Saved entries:
::::::
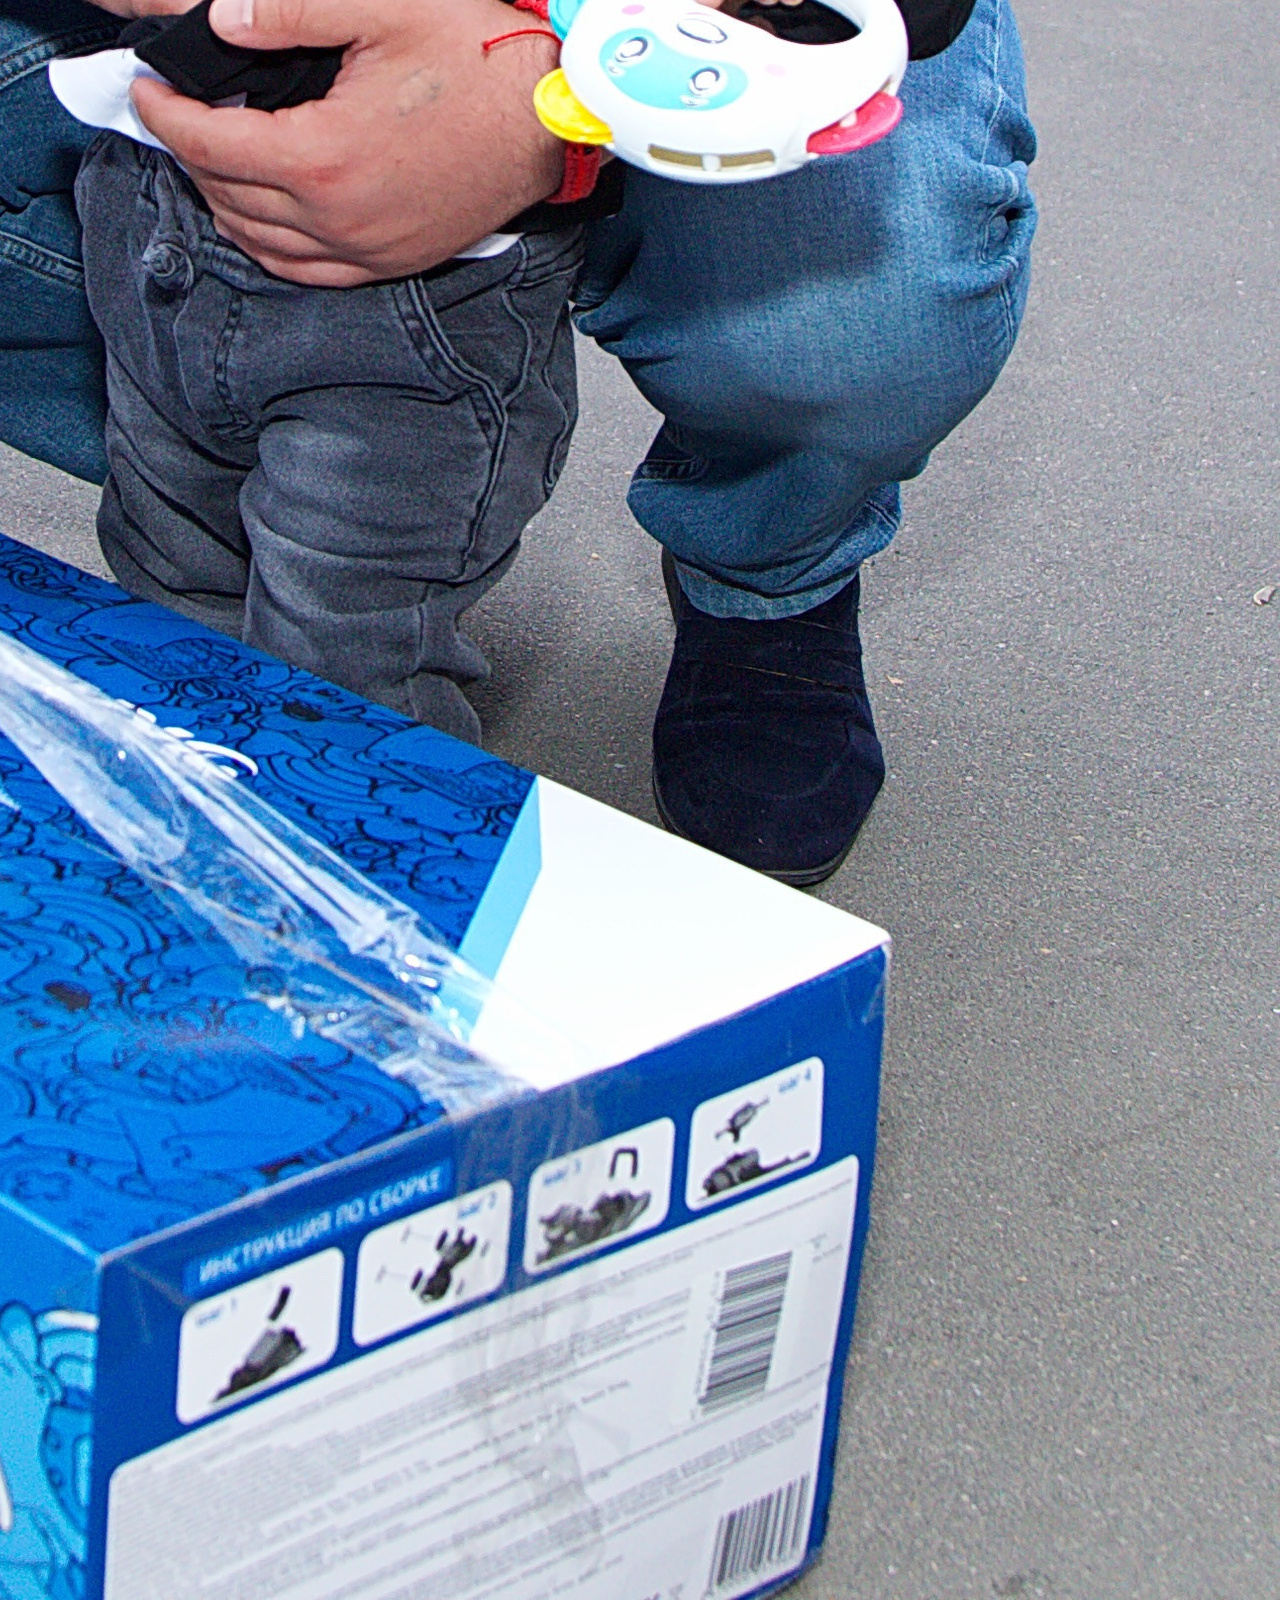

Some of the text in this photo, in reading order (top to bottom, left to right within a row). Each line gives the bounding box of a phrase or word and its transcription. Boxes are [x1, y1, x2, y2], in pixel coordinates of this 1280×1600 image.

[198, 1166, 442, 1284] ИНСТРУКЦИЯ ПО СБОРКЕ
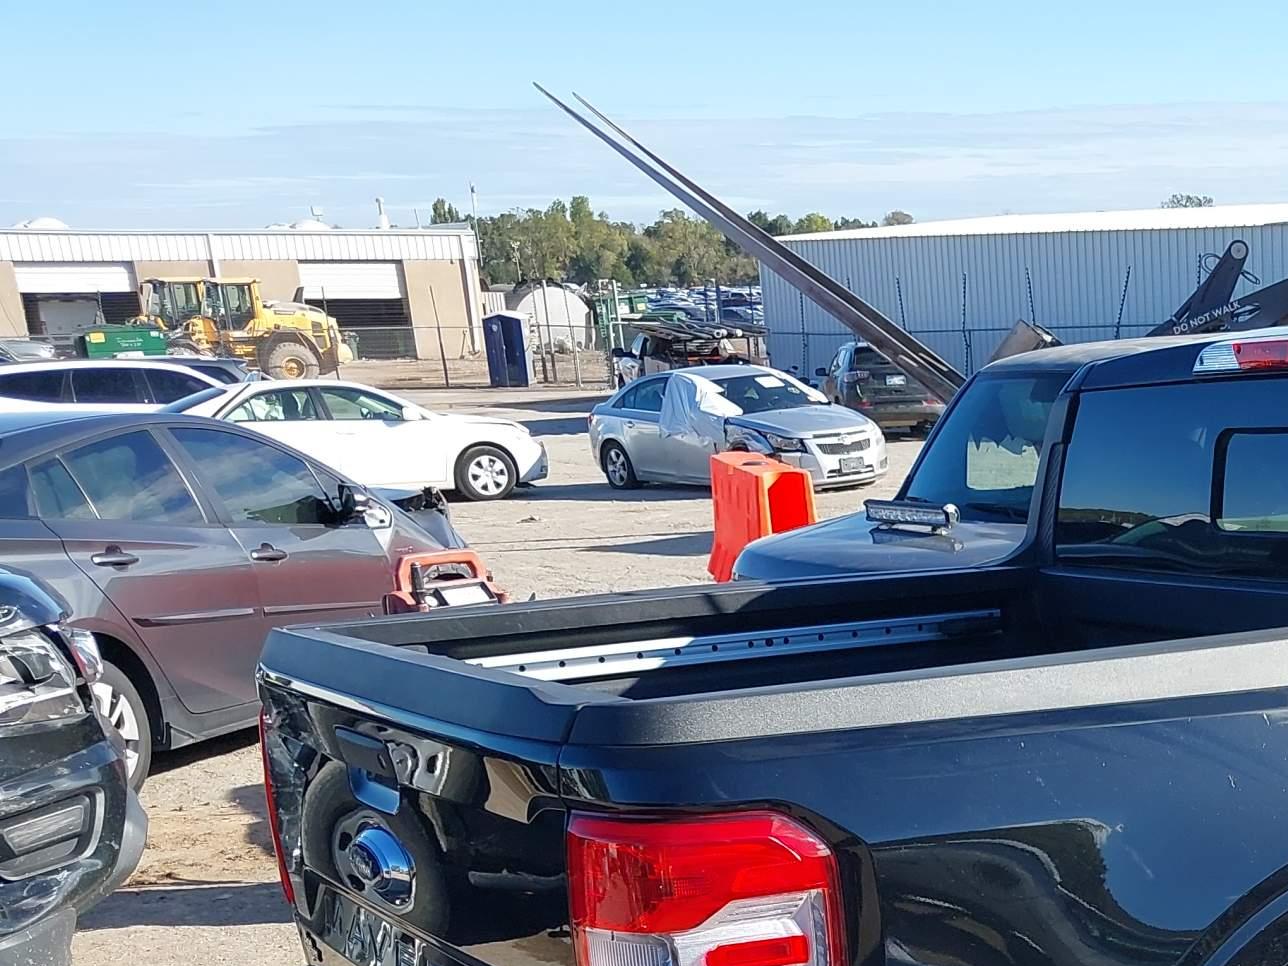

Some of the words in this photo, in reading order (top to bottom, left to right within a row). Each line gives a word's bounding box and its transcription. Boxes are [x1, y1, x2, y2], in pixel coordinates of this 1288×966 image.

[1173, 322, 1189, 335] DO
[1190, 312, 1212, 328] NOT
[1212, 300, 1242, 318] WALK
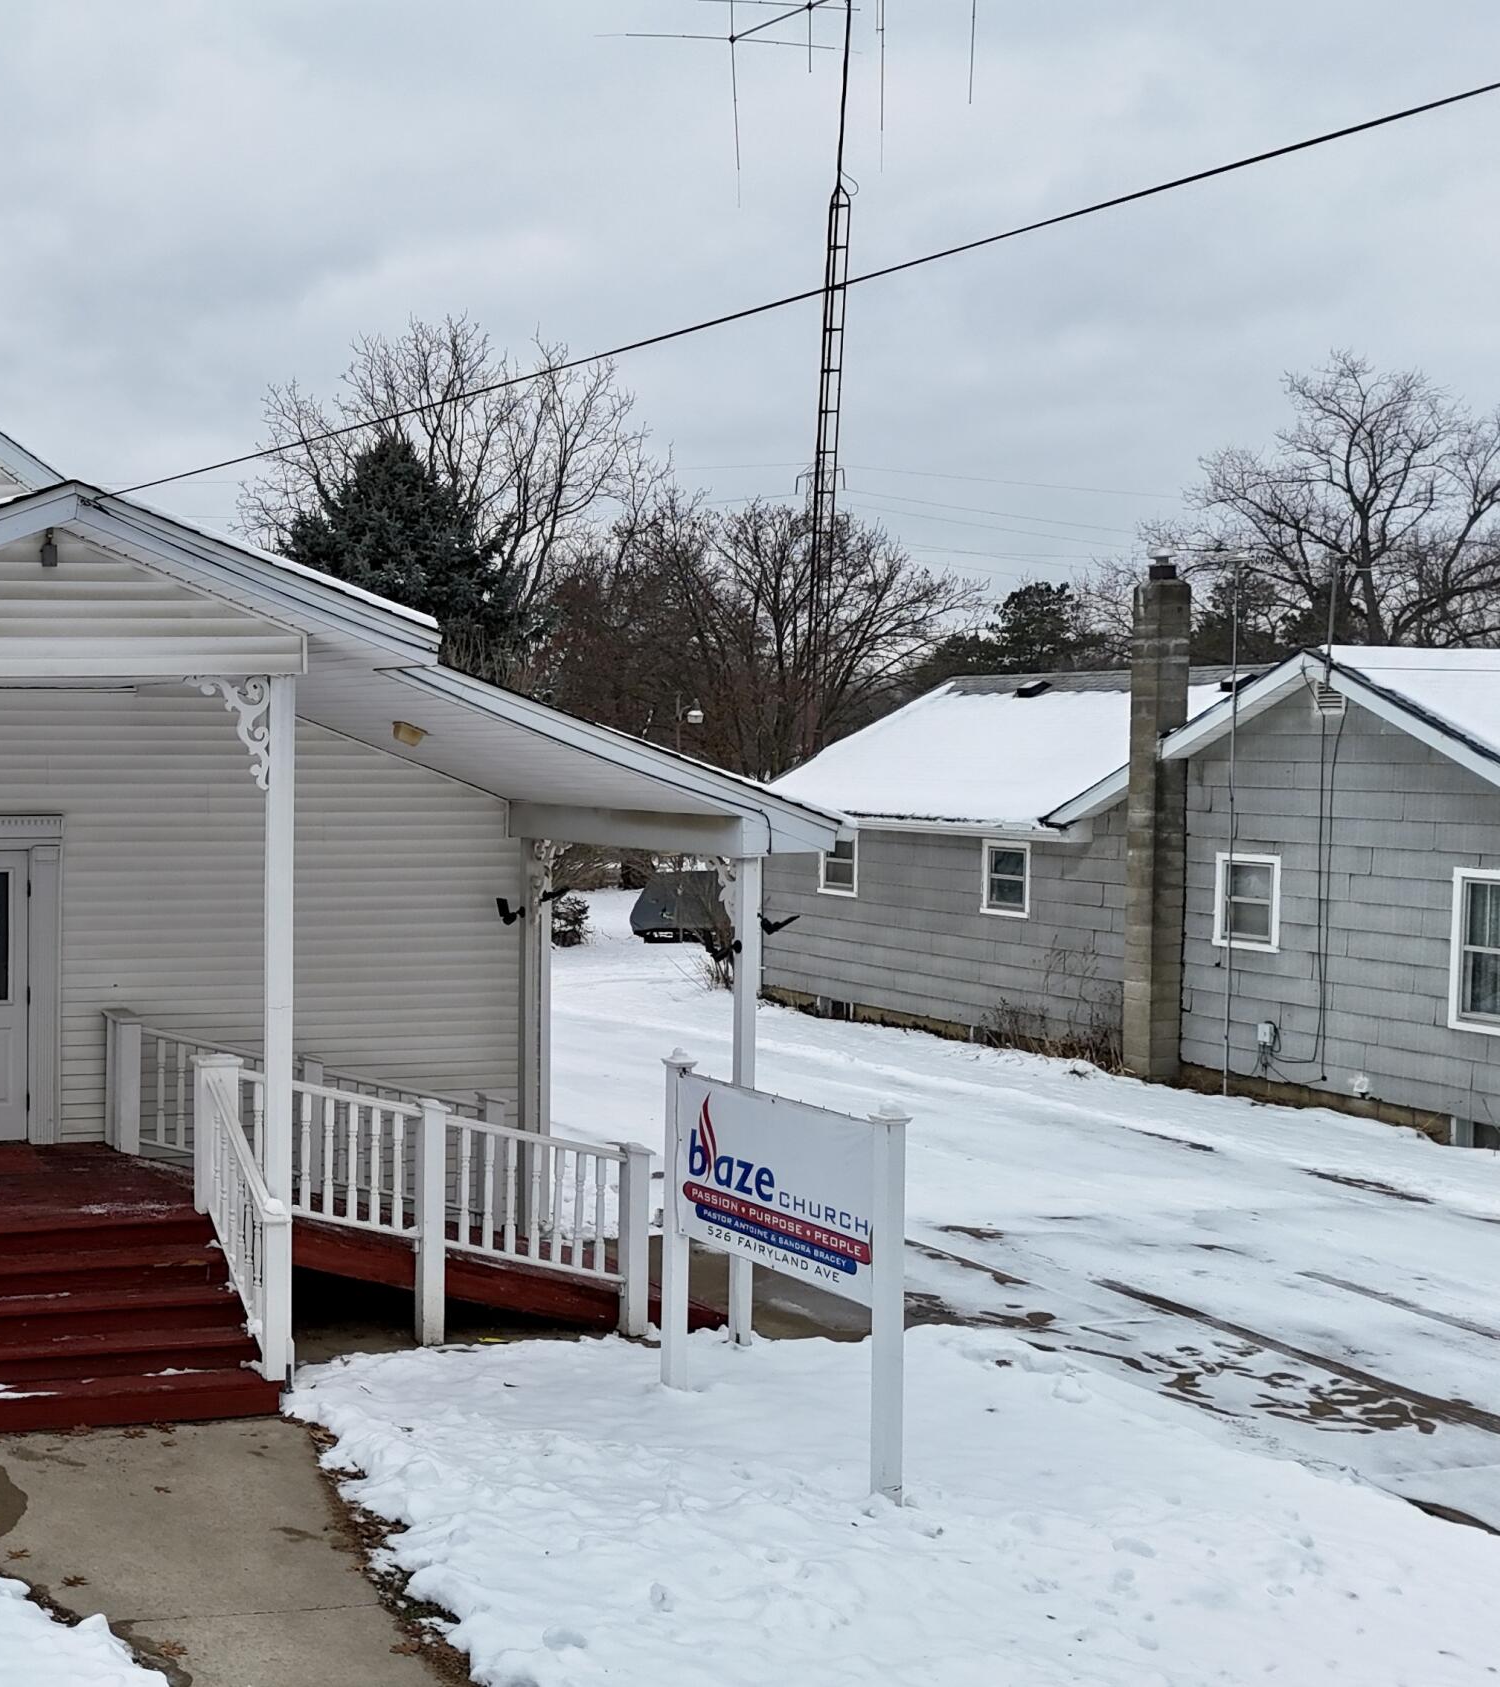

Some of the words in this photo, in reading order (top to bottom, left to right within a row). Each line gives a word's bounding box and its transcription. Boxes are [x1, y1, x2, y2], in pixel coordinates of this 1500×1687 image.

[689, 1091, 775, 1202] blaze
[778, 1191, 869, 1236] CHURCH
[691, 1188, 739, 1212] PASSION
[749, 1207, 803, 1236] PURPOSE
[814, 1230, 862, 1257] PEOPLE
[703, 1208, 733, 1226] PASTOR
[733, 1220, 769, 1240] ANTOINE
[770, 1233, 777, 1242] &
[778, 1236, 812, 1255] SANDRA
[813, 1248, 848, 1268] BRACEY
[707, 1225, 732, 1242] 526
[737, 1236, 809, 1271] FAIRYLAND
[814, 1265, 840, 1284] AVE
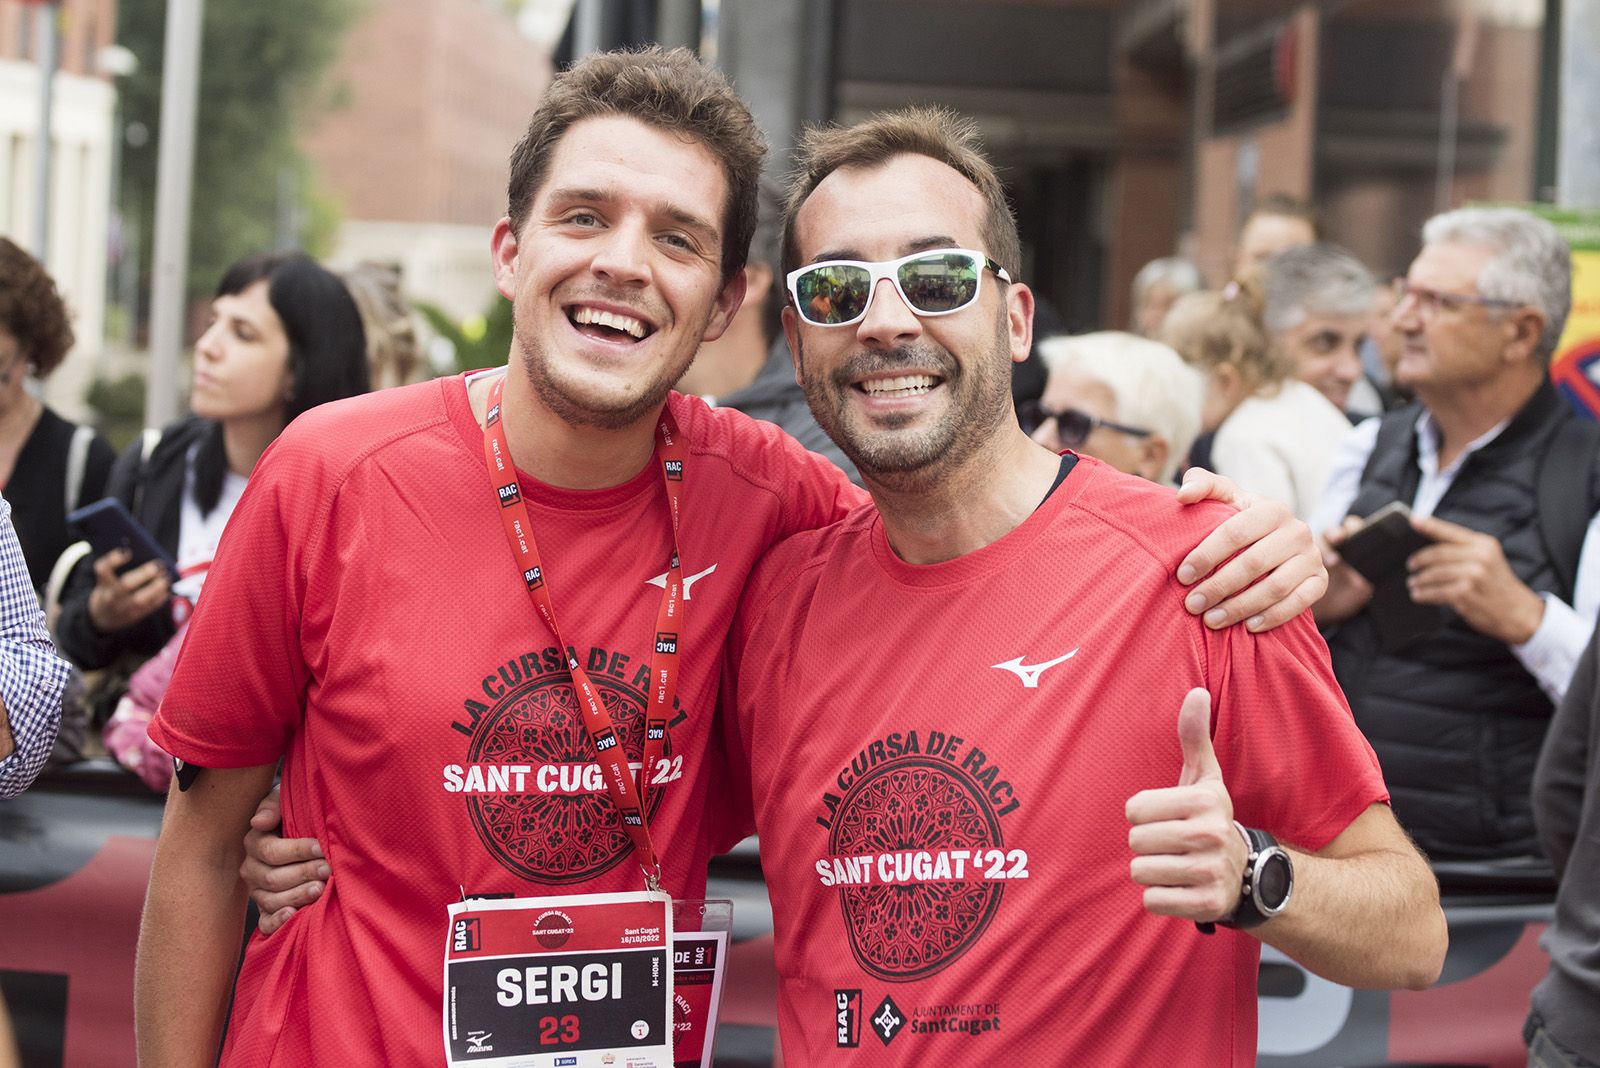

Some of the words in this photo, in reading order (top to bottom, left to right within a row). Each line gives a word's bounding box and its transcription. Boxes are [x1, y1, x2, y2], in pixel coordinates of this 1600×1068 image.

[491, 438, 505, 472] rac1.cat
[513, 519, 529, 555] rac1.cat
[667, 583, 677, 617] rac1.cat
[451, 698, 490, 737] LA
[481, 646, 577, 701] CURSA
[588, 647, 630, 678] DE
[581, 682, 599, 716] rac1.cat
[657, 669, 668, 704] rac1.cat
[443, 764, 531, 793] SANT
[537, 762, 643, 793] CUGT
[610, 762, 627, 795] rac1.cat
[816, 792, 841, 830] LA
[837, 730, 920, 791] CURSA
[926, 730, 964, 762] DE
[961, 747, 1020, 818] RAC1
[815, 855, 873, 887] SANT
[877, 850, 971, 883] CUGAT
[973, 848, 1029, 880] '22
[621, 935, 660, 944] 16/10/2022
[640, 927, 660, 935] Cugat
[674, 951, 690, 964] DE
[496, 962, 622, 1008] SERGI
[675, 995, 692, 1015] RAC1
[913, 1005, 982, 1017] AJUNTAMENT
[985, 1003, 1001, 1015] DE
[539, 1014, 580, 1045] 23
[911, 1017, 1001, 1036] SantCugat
::::::
Required work: Please print all the entries exactly as written, but drop the pictures.

Solution to the exercise:
Some of the text in this photo, in reading order (top to bottom, left to right within a row). Each line gives the bounding box of a phrase or word and its transcription. Boxes are [x1, y1, x2, y2], in pixel coordinates of this 1280×1600 image.

[198, 1166, 442, 1284] ИНСТРУКЦИЯ ПО СБОРКЕ

Some of the words in this photo, in reading order (top to bottom, left to right within a row). Each line gives a word's bounding box and its transcription. Boxes are [x1, y1, x2, y2], in pixel coordinates of this 1288×966 image.

[1173, 322, 1189, 335] DO
[1190, 312, 1212, 328] NOT
[1212, 300, 1242, 318] WALK

Some of the words in this photo, in reading order (top to bottom, left to right within a row). Each line gives a word's bounding box and its transcription. Boxes are [x1, y1, x2, y2], in pixel coordinates of this 1500×1687 image.

[689, 1091, 775, 1202] blaze
[778, 1191, 869, 1236] CHURCH
[691, 1188, 739, 1212] PASSION
[749, 1207, 803, 1236] PURPOSE
[814, 1230, 862, 1257] PEOPLE
[703, 1208, 733, 1226] PASTOR
[733, 1220, 769, 1240] ANTOINE
[770, 1233, 777, 1242] &
[778, 1236, 812, 1255] SANDRA
[813, 1248, 848, 1268] BRACEY
[707, 1225, 732, 1242] 526
[737, 1236, 809, 1271] FAIRYLAND
[814, 1265, 840, 1284] AVE

Some of the words in this photo, in reading order (top to bottom, left to right within a row). Each line gives a word's bounding box and its transcription. Boxes are [x1, y1, x2, y2], in pixel coordinates of this 1600×1068 image.

[491, 438, 505, 472] rac1.cat
[513, 519, 529, 555] rac1.cat
[667, 583, 677, 617] rac1.cat
[451, 698, 490, 737] LA
[481, 646, 577, 701] CURSA
[588, 647, 630, 678] DE
[581, 682, 599, 716] rac1.cat
[657, 669, 668, 704] rac1.cat
[443, 764, 531, 793] SANT
[537, 762, 643, 793] CUGT
[610, 762, 627, 795] rac1.cat
[816, 792, 841, 830] LA
[837, 730, 920, 791] CURSA
[926, 730, 964, 762] DE
[961, 747, 1020, 818] RAC1
[815, 855, 873, 887] SANT
[877, 850, 971, 883] CUGAT
[973, 848, 1029, 880] '22
[621, 935, 660, 944] 16/10/2022
[640, 927, 660, 935] Cugat
[674, 951, 690, 964] DE
[496, 962, 622, 1008] SERGI
[675, 995, 692, 1015] RAC1
[913, 1005, 982, 1017] AJUNTAMENT
[985, 1003, 1001, 1015] DE
[539, 1014, 580, 1045] 23
[911, 1017, 1001, 1036] SantCugat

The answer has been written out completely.